-- WHAT NEEDS TO BE DONE --
Transcribe every entry exactly; the images stay out.

-- DATA EXTRACT --
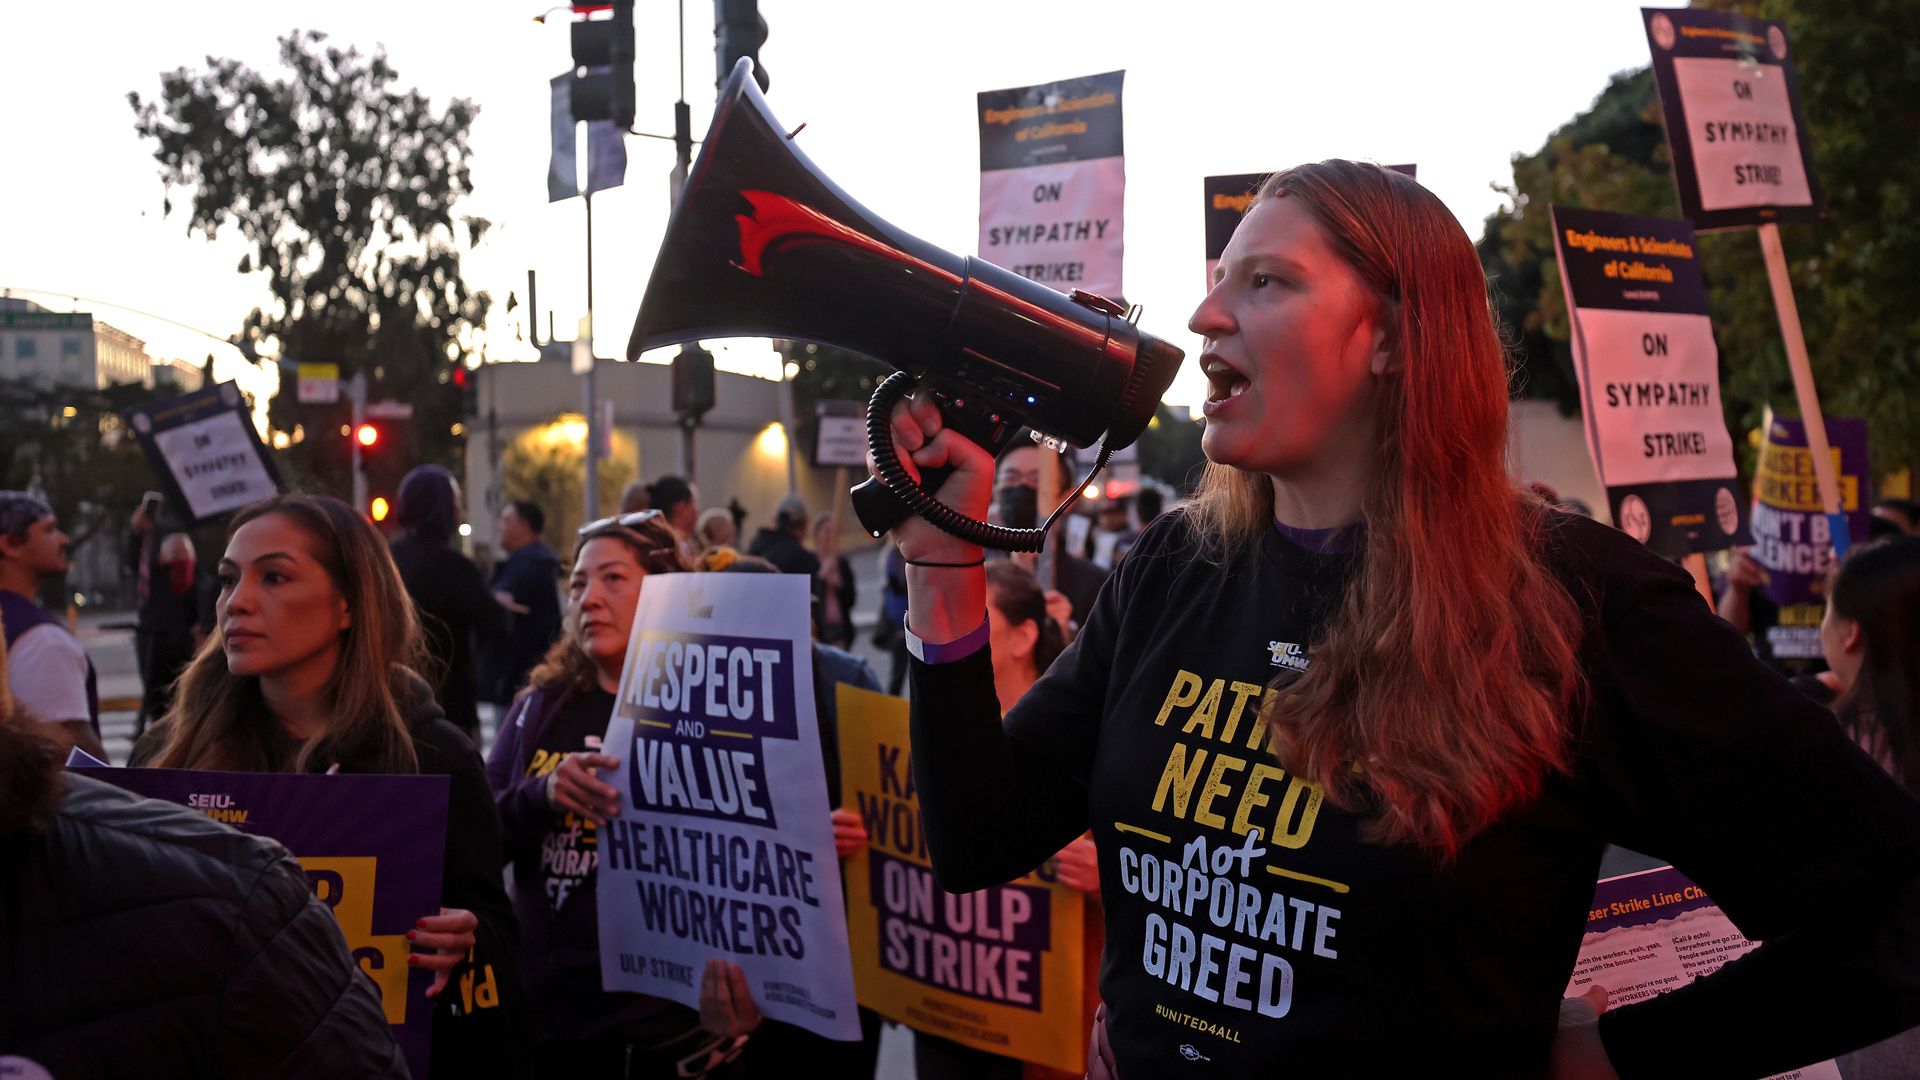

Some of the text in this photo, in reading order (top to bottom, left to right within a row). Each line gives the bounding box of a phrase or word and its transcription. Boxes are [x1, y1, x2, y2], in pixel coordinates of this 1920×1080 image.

[1734, 80, 1752, 99] ON
[1706, 122, 1786, 144] SYMPATHY
[1034, 183, 1062, 203] ON
[989, 219, 1109, 246] SYMPATHY
[1566, 229, 1629, 253] Engineers
[1639, 236, 1693, 259] Scientists
[1604, 260, 1674, 283] of California
[1643, 333, 1668, 357] ON
[1606, 383, 1710, 407] SYMPATHY
[1644, 433, 1706, 457] STRIKE!
[627, 639, 780, 723] RESPECT
[675, 720, 705, 739] AND
[637, 737, 767, 820] VALUE
[188, 793, 235, 808] SEIU-
[1151, 742, 1326, 849] NEED
[605, 819, 820, 907] HEALTHCARE
[1182, 829, 1267, 878] not
[882, 860, 1032, 943] ON ULP
[1119, 846, 1342, 959] CORPORATE
[1610, 898, 1651, 917] Strike
[1652, 892, 1682, 908] Line
[636, 879, 805, 960] WORKERS
[1672, 936, 1688, 945] (Call
[1693, 931, 1711, 941] echo)
[1675, 941, 1711, 953] Everywhere
[1730, 932, 1742, 941] (2x)
[885, 916, 1032, 1005] STRIKE
[1577, 942, 1662, 966] with the workers, yeah, yeah,
[1679, 951, 1700, 961] People
[1700, 948, 1716, 956] want
[1723, 943, 1741, 952] know
[1682, 961, 1697, 970] Who
[1717, 954, 1729, 963] (2x)
[620, 953, 694, 987] ULP STRIKE
[1143, 913, 1294, 1019] GREED
[1572, 952, 1658, 977] Down with the bosses, boom,
[1574, 977, 1593, 986] boom
[1607, 985, 1636, 996] ecutives
[1618, 990, 1650, 1003] WORKERS
[1155, 1003, 1241, 1043] #UNITED4ALL
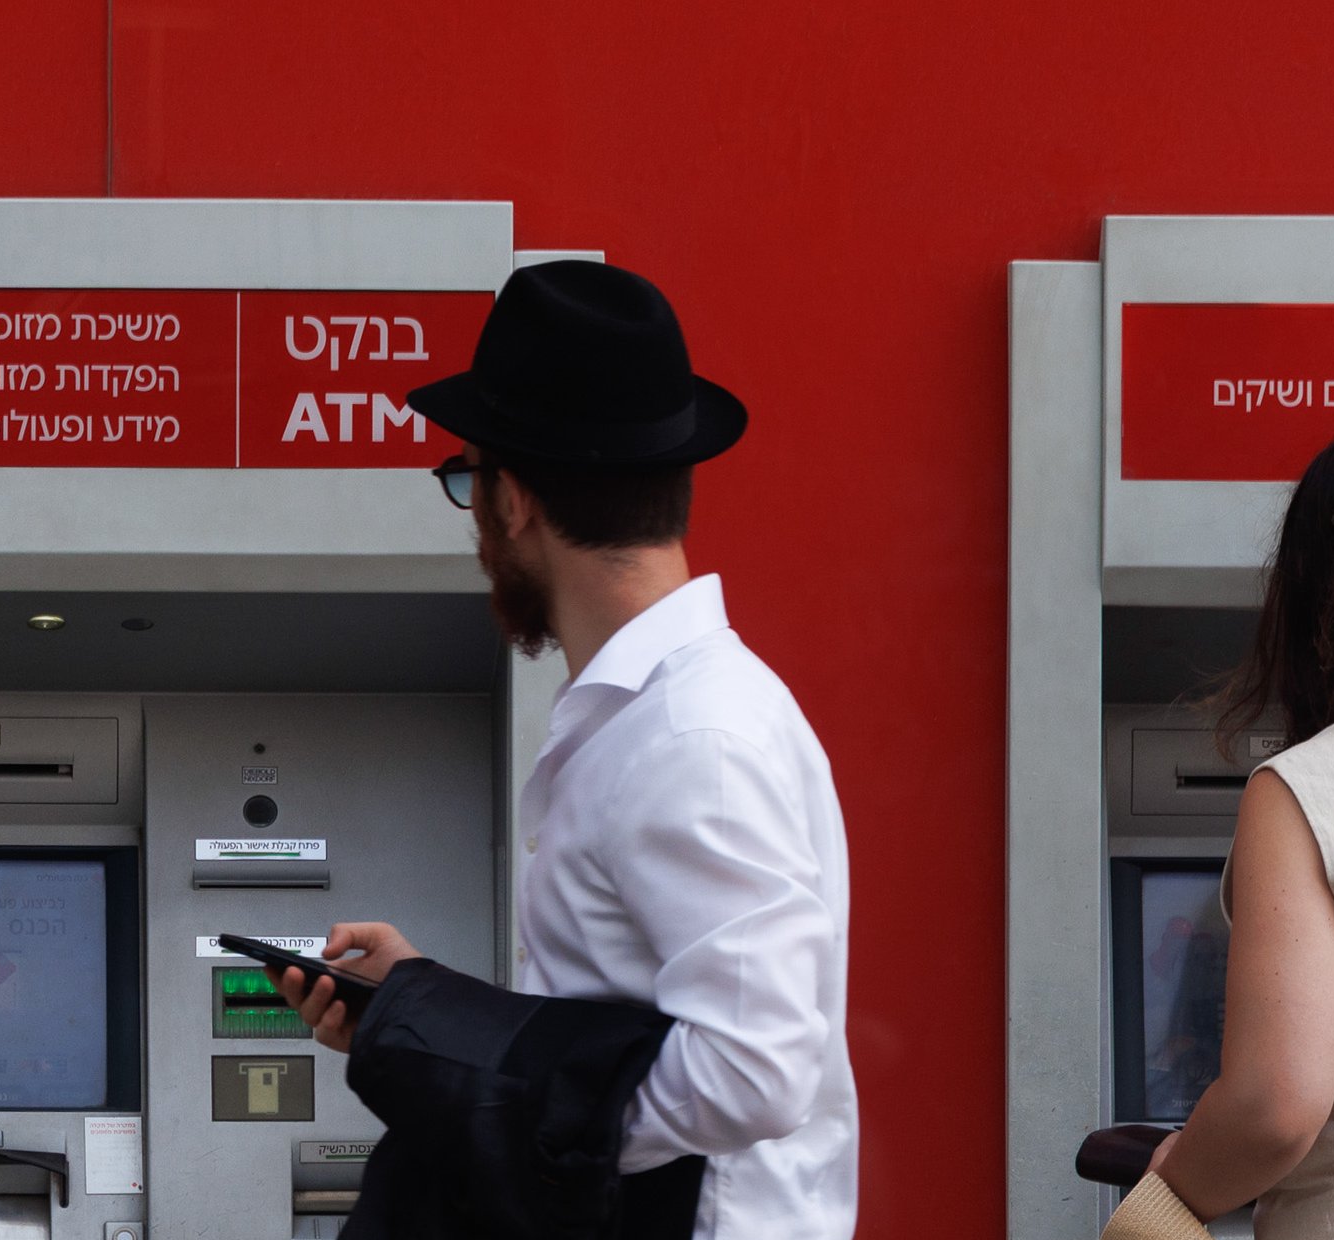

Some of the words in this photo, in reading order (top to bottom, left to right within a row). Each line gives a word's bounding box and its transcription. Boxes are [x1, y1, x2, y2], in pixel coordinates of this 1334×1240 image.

[70, 313, 181, 342] משיכת
[285, 315, 430, 372] בנקט
[54, 363, 181, 398] הפקדות
[1213, 379, 1313, 413] ושיקים
[281, 392, 427, 443] ATM
[102, 415, 181, 443] מידע
[209, 841, 243, 850] הפעולה
[244, 842, 269, 850] אישור
[271, 841, 297, 852] קבלת
[298, 842, 320, 850] פתח
[289, 938, 315, 947] פתח
[318, 1144, 347, 1156] השיק
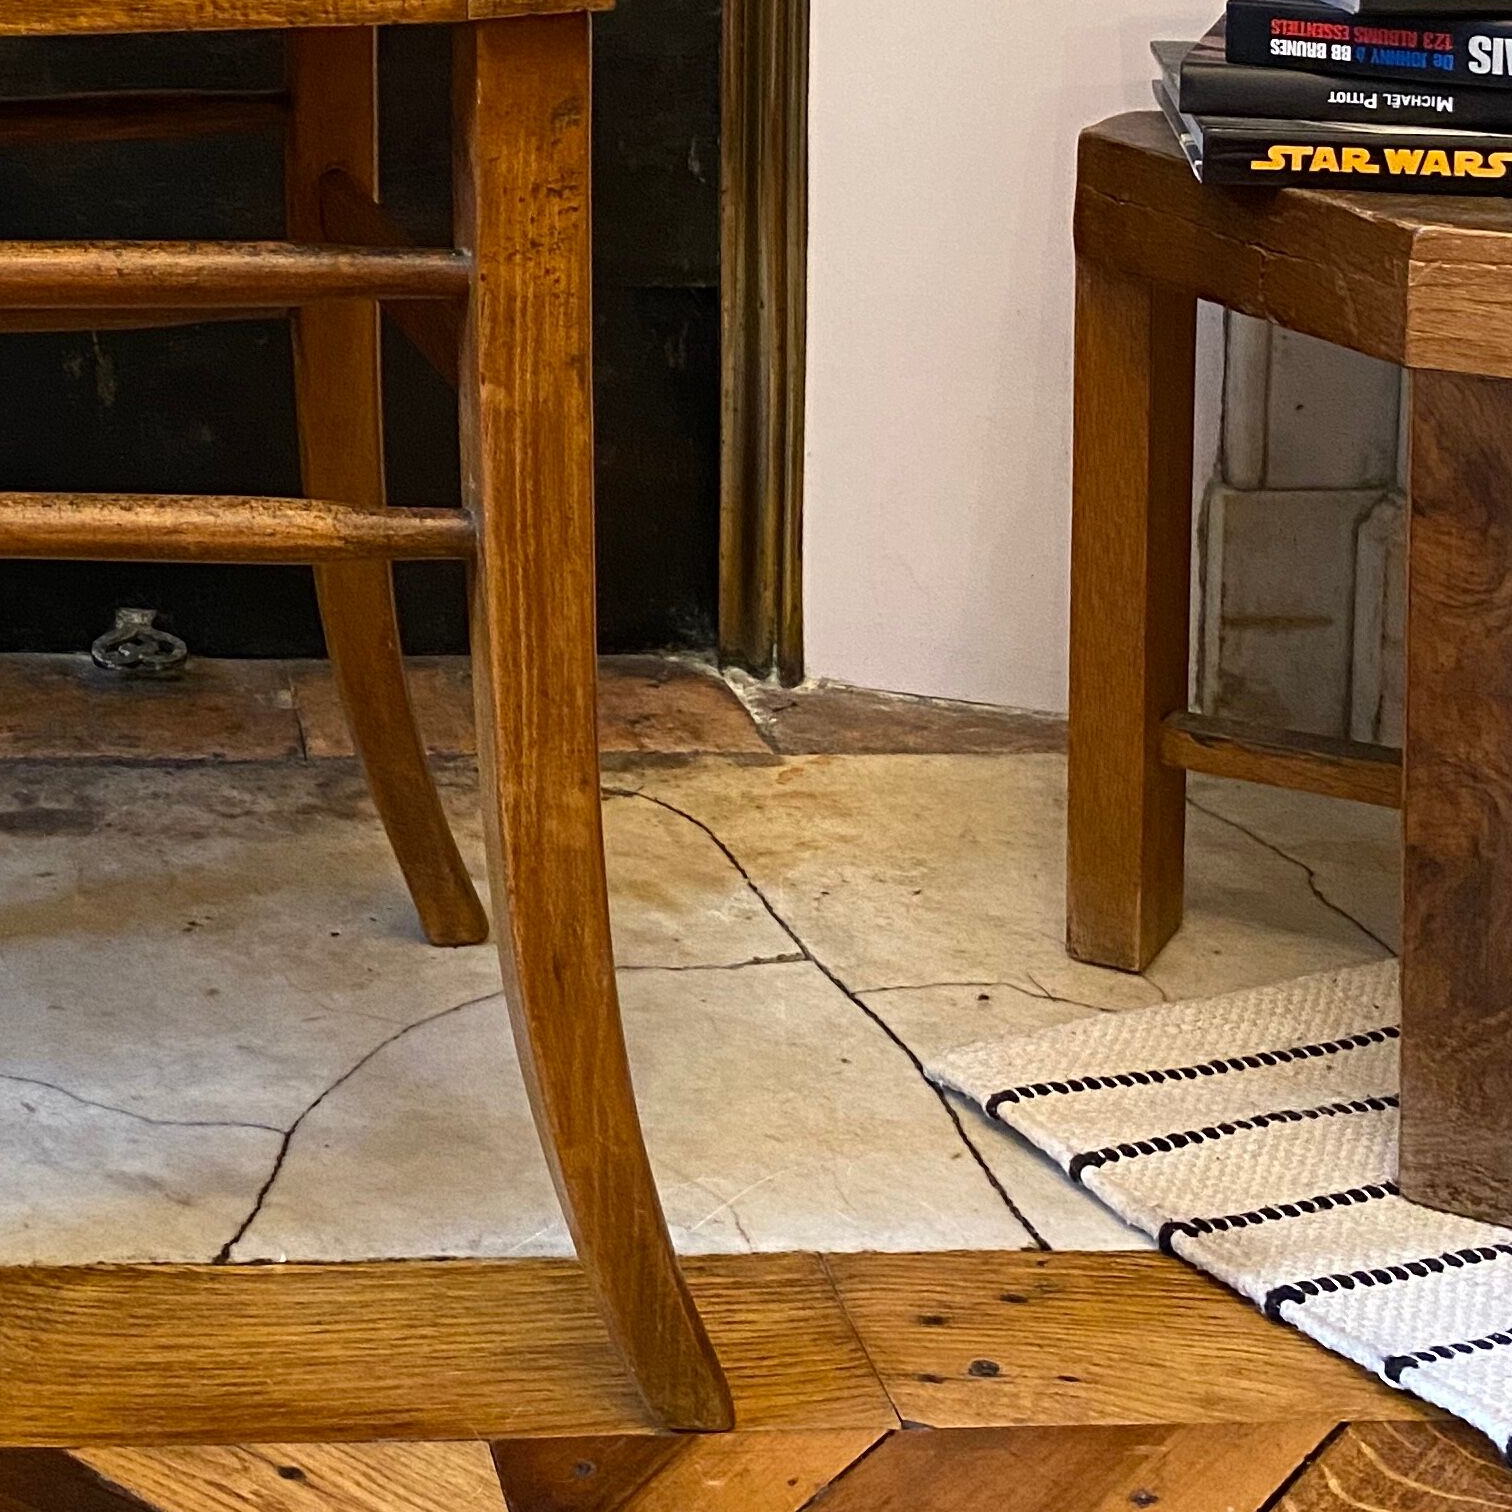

-- SOLUTION TO THE EXERCISE --
Some of the text in this photo, in reading order (top to bottom, left to right within a row). Each line gives the bounding box of a phrase or word and its transcription. Boxes are [x1, y1, x2, y2], in pixel coordinates of this 1920×1080 image.

[1734, 80, 1752, 99] ON
[1706, 122, 1786, 144] SYMPATHY
[1034, 183, 1062, 203] ON
[989, 219, 1109, 246] SYMPATHY
[1566, 229, 1629, 253] Engineers
[1639, 236, 1693, 259] Scientists
[1604, 260, 1674, 283] of California
[1643, 333, 1668, 357] ON
[1606, 383, 1710, 407] SYMPATHY
[1644, 433, 1706, 457] STRIKE!
[627, 639, 780, 723] RESPECT
[675, 720, 705, 739] AND
[637, 737, 767, 820] VALUE
[188, 793, 235, 808] SEIU-
[1151, 742, 1326, 849] NEED
[605, 819, 820, 907] HEALTHCARE
[1182, 829, 1267, 878] not
[882, 860, 1032, 943] ON ULP
[1119, 846, 1342, 959] CORPORATE
[1610, 898, 1651, 917] Strike
[1652, 892, 1682, 908] Line
[636, 879, 805, 960] WORKERS
[1672, 936, 1688, 945] (Call
[1693, 931, 1711, 941] echo)
[1675, 941, 1711, 953] Everywhere
[1730, 932, 1742, 941] (2x)
[885, 916, 1032, 1005] STRIKE
[1577, 942, 1662, 966] with the workers, yeah, yeah,
[1679, 951, 1700, 961] People
[1700, 948, 1716, 956] want
[1723, 943, 1741, 952] know
[1682, 961, 1697, 970] Who
[1717, 954, 1729, 963] (2x)
[620, 953, 694, 987] ULP STRIKE
[1143, 913, 1294, 1019] GREED
[1572, 952, 1658, 977] Down with the bosses, boom,
[1574, 977, 1593, 986] boom
[1607, 985, 1636, 996] ecutives
[1618, 990, 1650, 1003] WORKERS
[1155, 1003, 1241, 1043] #UNITED4ALL

Some of the words in this photo, in reading order (top to bottom, left to right within a row). Each line gives a word's bounding box and its transcription. Boxes are [x1, y1, x2, y2], in pixel coordinates of this 1334×1240 image.

[70, 313, 181, 342] משיכת
[285, 315, 430, 372] בנקט
[54, 363, 181, 398] הפקדות
[1213, 379, 1313, 413] ושיקים
[281, 392, 427, 443] ATM
[102, 415, 181, 443] מידע
[209, 841, 243, 850] הפעולה
[244, 842, 269, 850] אישור
[271, 841, 297, 852] קבלת
[298, 842, 320, 850] פתח
[289, 938, 315, 947] פתח
[318, 1144, 347, 1156] השיק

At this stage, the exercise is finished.